# EXERCISE AIM:
Would you print out all of the data exactly and keep the pictures out of it?

BEGIN DATA FOR THIS TASK

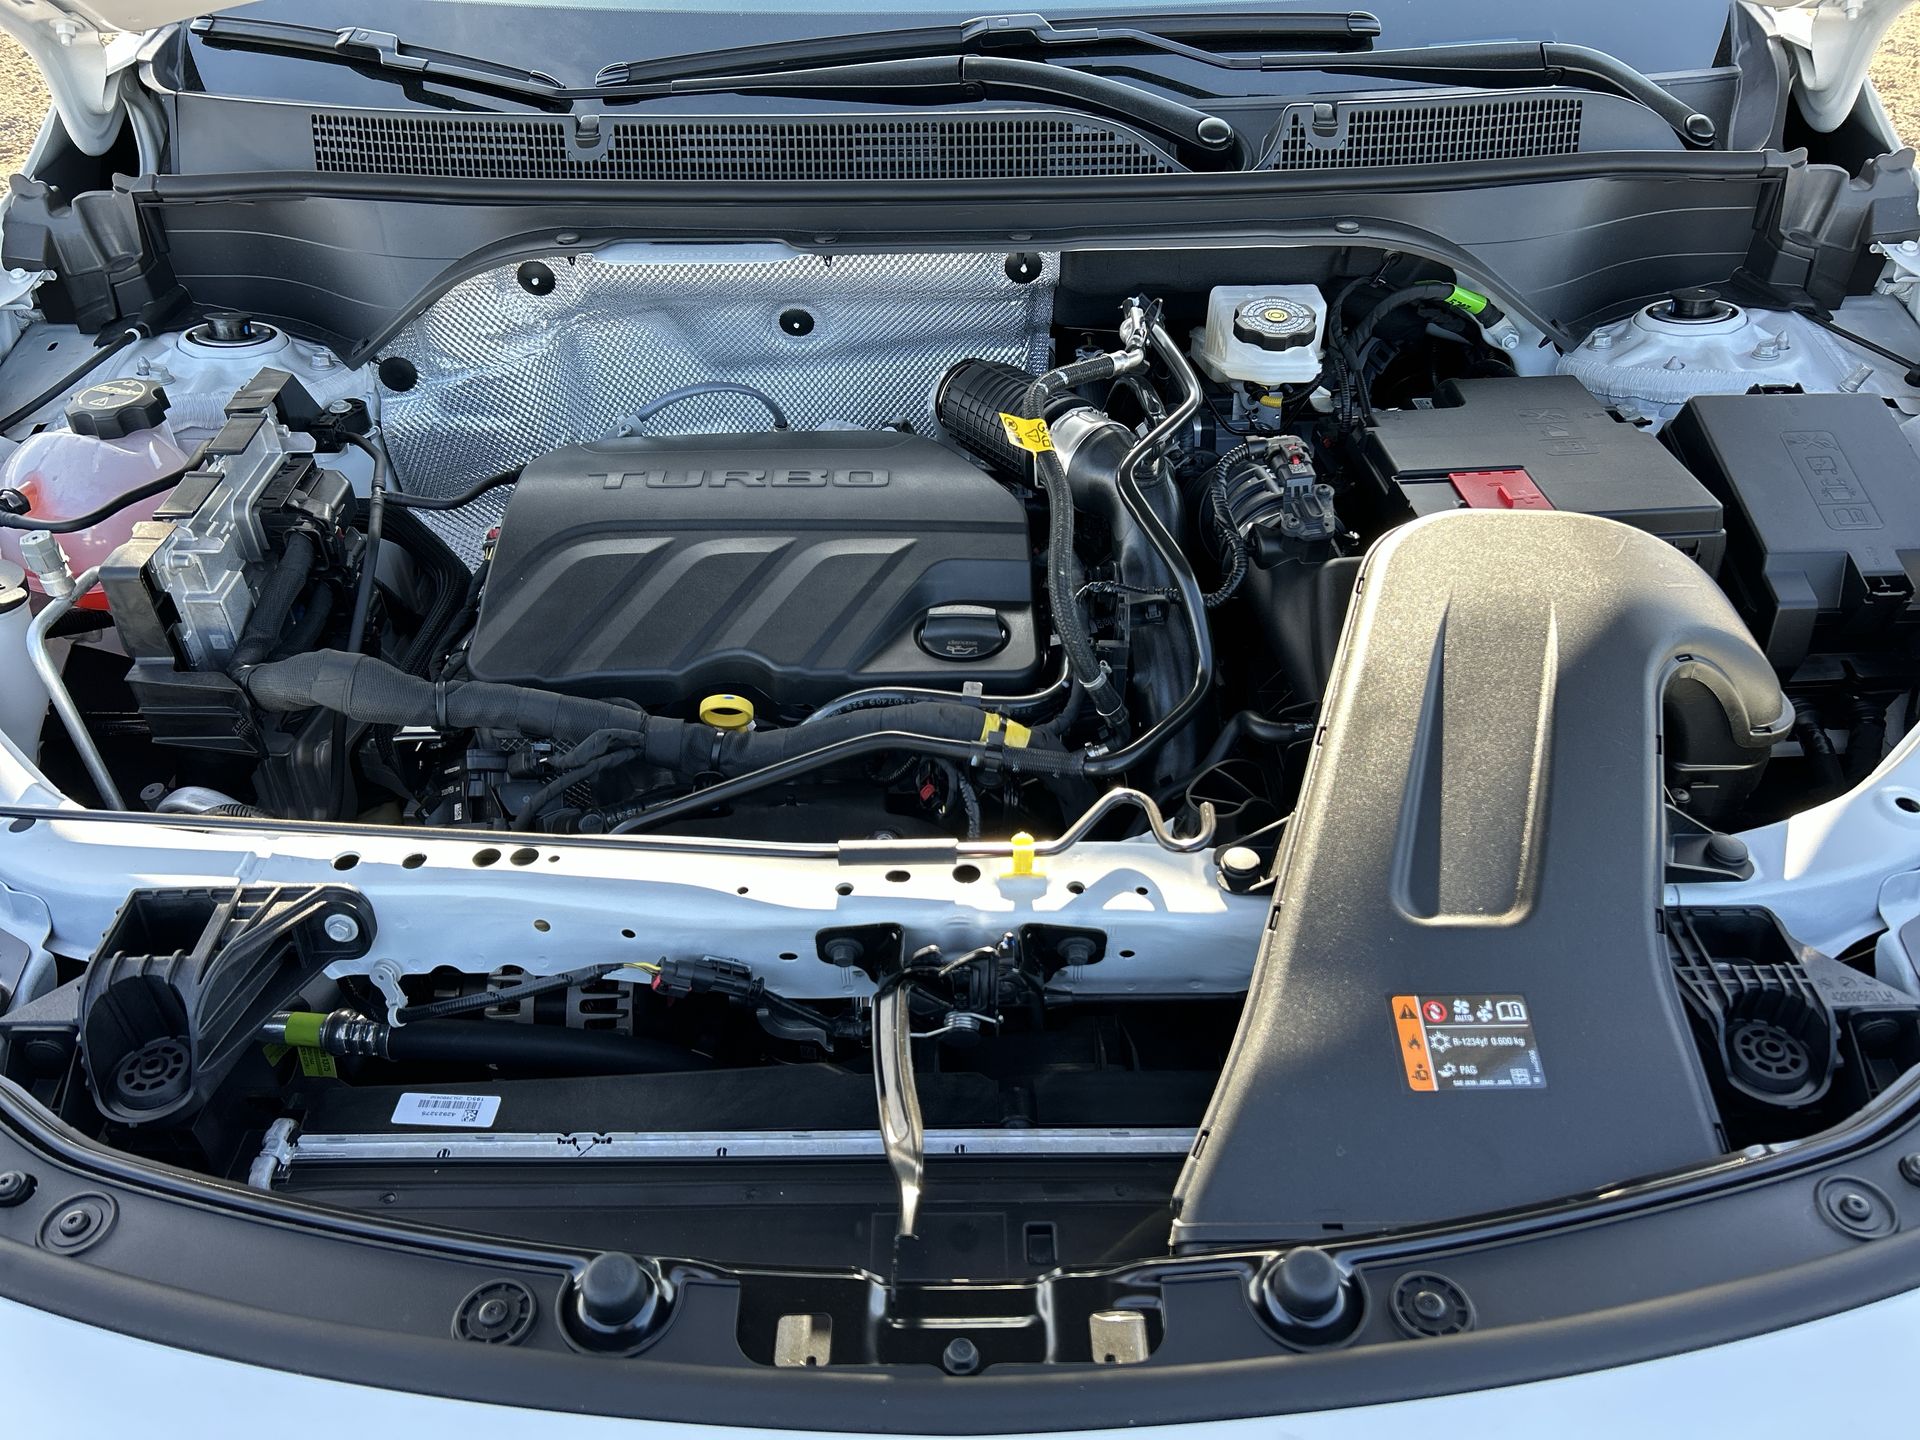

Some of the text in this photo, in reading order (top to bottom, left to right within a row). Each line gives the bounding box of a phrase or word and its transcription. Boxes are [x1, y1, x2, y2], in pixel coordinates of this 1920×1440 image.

[588, 468, 889, 489] TURBO
[1454, 1014, 1474, 1022] AUTO
[1452, 1036, 1525, 1047] R-1234yf 0.600 kg
[1459, 1065, 1478, 1075] PAG
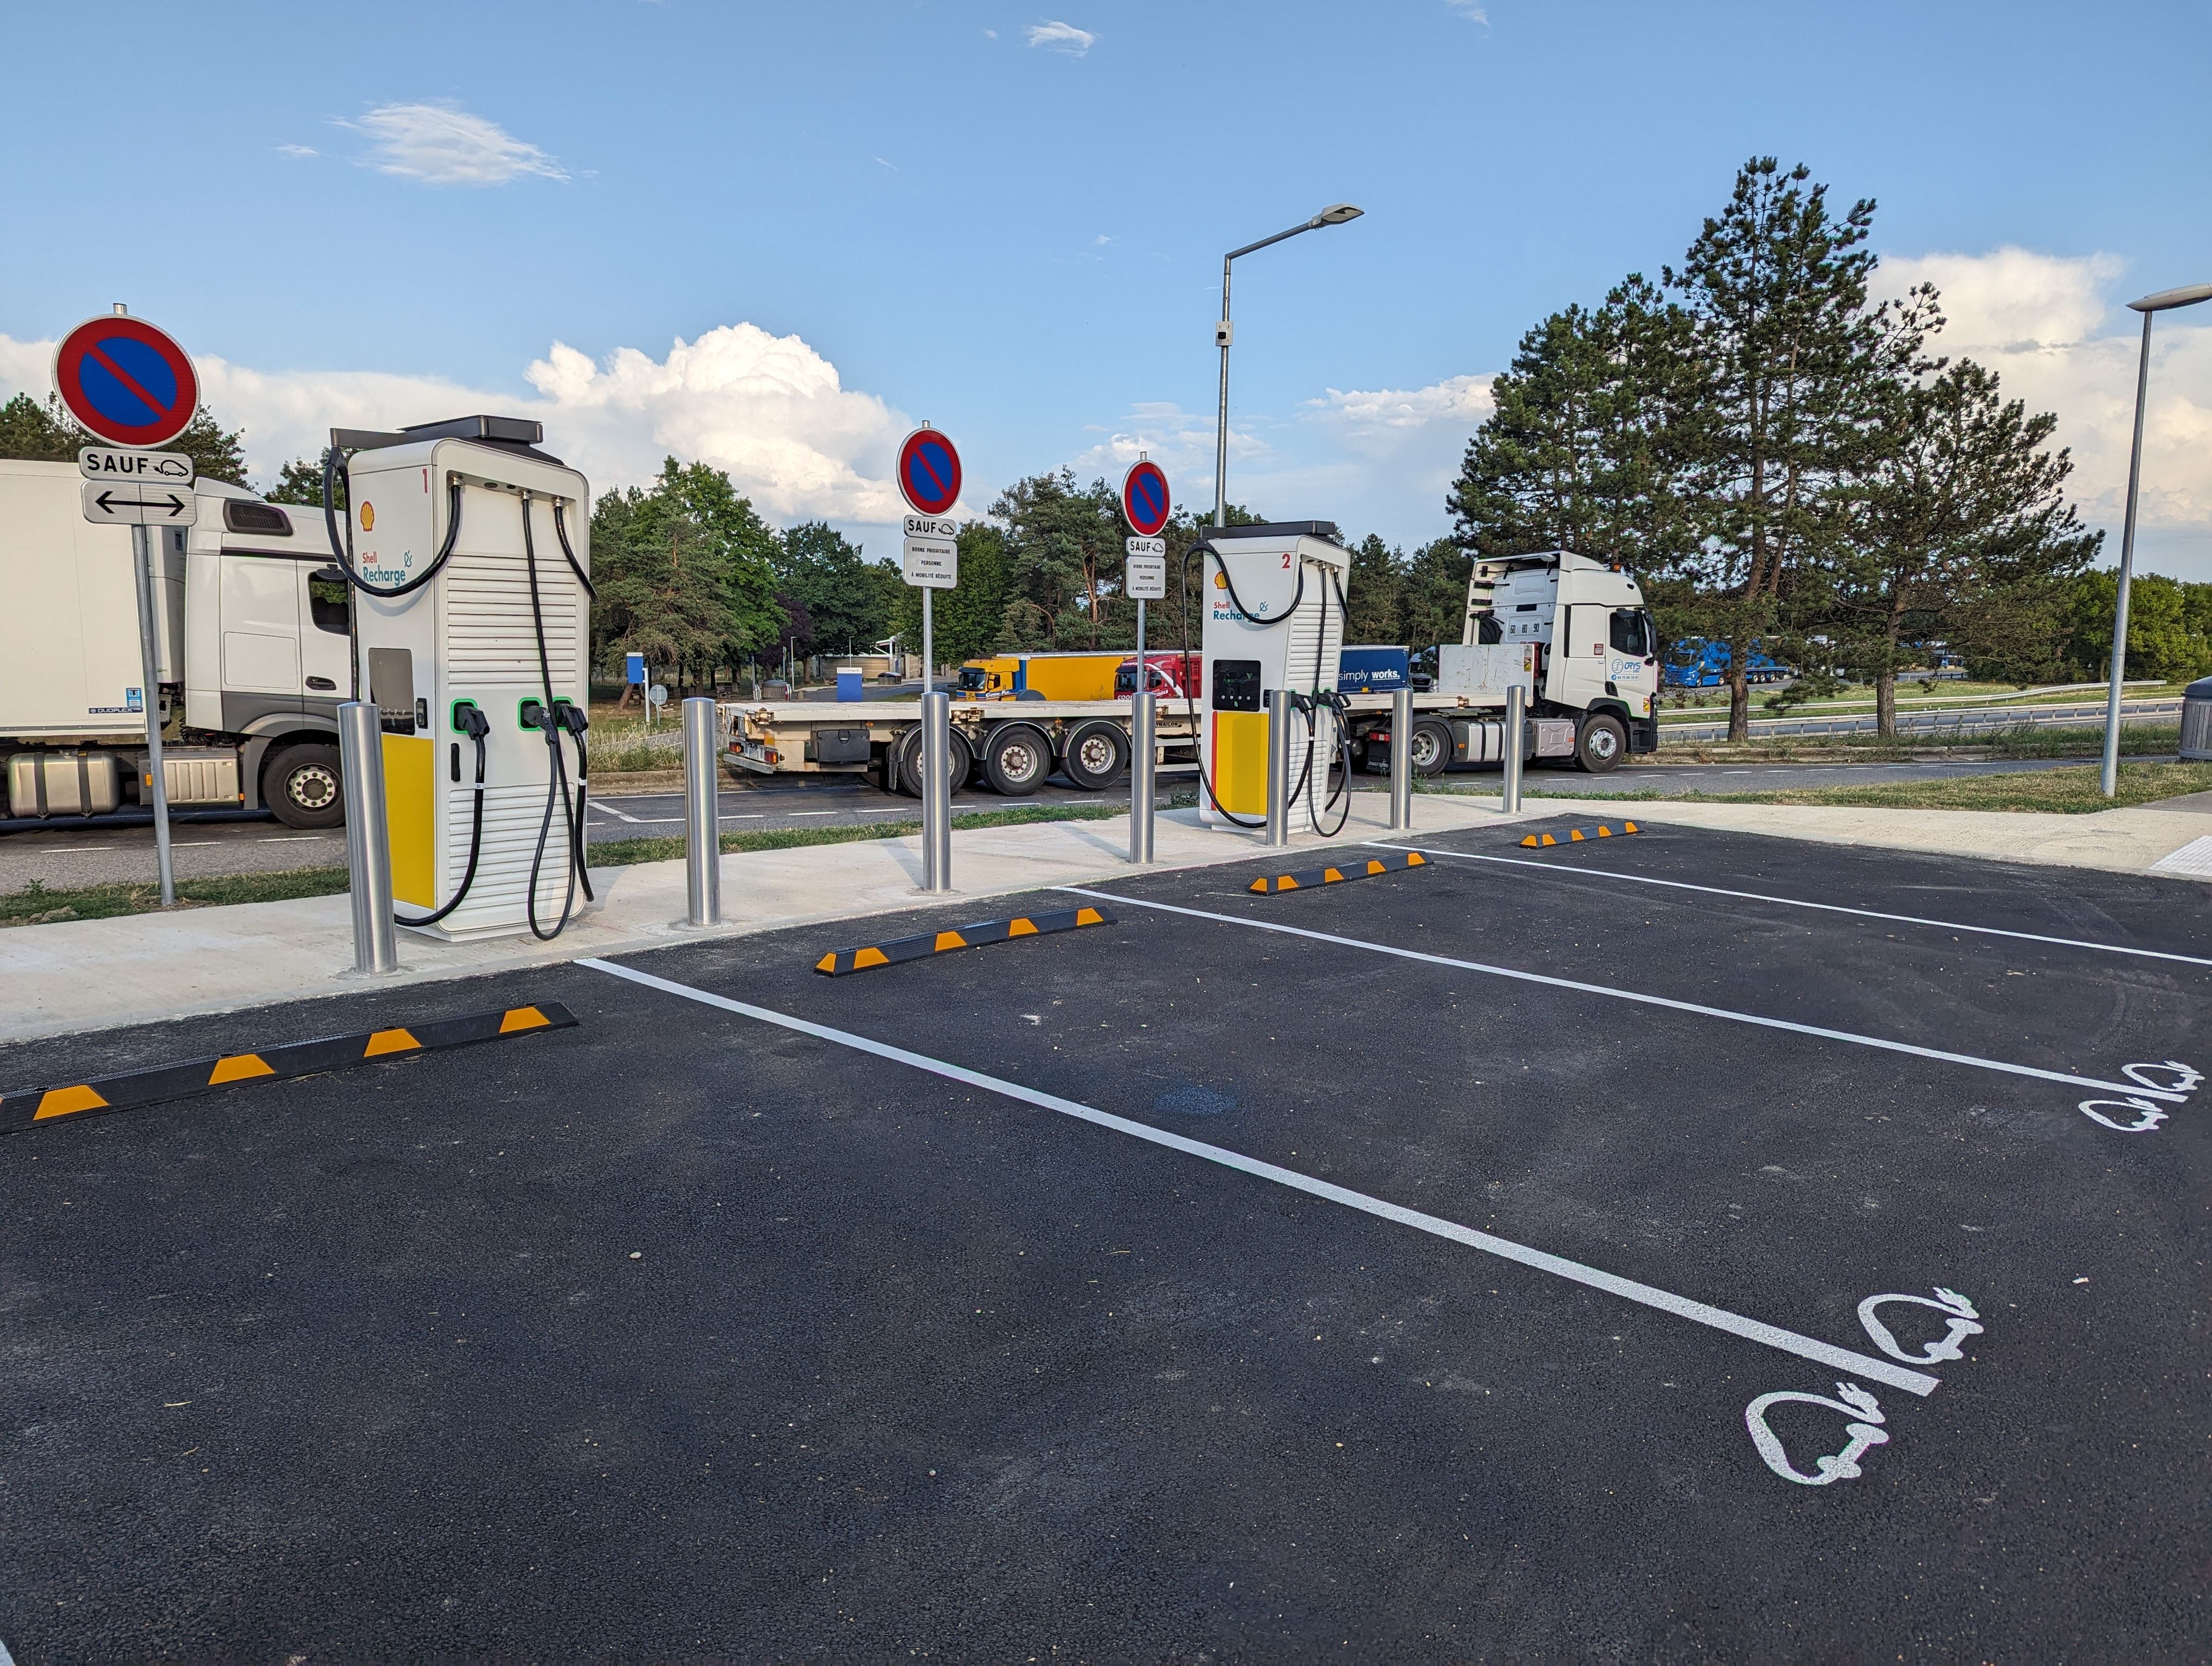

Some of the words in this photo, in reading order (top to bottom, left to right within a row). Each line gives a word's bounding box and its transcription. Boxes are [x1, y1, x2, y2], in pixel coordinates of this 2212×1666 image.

END DATA FOR THIS TASK

# EXPECTED ANSWER:
Some of the text in this photo, in reading order (top to bottom, left to right within a row). Each line gives the bounding box of a phrase or word and its transcription. Boxes are [x1, y1, x2, y2], in pixel coordinates of this 1920×1440 image.

[588, 468, 889, 489] TURBO
[1454, 1014, 1474, 1022] AUTO
[1452, 1036, 1525, 1047] R-1234yf 0.600 kg
[1459, 1065, 1478, 1075] PAG

Some of the words in this photo, in reading order (top to bottom, left to right within a row). Each line gives a word's bounding box and its transcription. Boxes are [x1, y1, x2, y2], in pixel coordinates of this 2212×1666 image.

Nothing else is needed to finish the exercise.